Nat. Med., published online 20 May 2012, doi:10.1038/nm.2758

Entamoeba histolytica, an intestinal protozoan parasite, is the causative agent of the life-threatening infection amebiasis. Debnath et al. now identify auranofin, a US Food and Drug Administration-approved drug, as a potent inhibitor of E. histolytica growth. The authors screened the 910-member Iconix library and identified 11 compounds with strong amoebicidal activities, with auranofin being the most potent of all. Although auranofin has been clinically used for treating rheumatoid arthritis for years, its mode of action has remained elusive. To gain insight into the molecular mechanism, the authors compared the gene expression signatures of untreated and auranofin-treated parasites. The arsenite-inducible RNA-associated protein transcript was significantly upregulated in auranofin-treated parasites, leading the authors to hypothesize that arsenite and auranofin target the same protein in E. histolytica.
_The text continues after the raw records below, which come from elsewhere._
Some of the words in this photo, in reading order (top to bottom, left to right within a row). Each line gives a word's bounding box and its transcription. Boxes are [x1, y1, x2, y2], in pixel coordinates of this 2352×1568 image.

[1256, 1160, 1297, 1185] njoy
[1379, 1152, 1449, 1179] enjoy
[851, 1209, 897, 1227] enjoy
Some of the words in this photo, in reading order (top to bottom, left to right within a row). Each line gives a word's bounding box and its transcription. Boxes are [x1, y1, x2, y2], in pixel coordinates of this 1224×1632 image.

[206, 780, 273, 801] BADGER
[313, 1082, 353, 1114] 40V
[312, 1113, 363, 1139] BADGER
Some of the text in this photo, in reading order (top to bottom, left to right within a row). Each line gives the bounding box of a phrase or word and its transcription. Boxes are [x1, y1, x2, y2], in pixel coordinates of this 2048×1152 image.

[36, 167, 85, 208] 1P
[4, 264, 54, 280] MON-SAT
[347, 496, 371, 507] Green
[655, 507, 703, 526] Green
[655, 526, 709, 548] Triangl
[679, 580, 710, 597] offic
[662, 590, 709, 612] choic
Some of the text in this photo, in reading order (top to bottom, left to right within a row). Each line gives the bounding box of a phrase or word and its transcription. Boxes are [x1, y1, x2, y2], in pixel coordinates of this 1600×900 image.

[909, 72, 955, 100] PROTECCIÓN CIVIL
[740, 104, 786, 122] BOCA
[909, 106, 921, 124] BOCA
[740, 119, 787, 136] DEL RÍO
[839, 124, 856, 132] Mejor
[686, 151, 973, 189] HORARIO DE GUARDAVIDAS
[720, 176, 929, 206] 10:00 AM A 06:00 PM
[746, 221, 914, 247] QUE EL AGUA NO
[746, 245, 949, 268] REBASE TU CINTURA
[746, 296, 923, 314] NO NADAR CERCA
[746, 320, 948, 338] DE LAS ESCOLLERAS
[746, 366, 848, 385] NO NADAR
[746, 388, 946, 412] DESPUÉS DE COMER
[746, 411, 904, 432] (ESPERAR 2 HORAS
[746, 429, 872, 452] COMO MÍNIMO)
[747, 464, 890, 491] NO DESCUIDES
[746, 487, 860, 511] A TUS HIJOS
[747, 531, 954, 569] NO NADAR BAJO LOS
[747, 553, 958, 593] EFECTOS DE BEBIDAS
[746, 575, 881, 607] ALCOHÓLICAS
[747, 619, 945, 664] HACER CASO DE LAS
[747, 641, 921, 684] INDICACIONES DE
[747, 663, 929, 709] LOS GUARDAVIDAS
Previous work had suggested that both arsenite and auranofin inhibit thioredoxin reductase (TrxR), an enzyme involved in reactive oxygen species detoxification. The authors showed that auranofin could inhibit the enzymatic activity of recombinant E. histolytica TrxR in vitro, whereas in vivo auranofin rendered the trophozoites highly susceptible to H2O2. Also, the drug inhibited the infection in rodent models of amebiasis. In sum, the authors, by screening a high-throughput library, repurposed auranofin and showed that it can target the growth of E. histolytica and could potentially be used in treating amebiasis.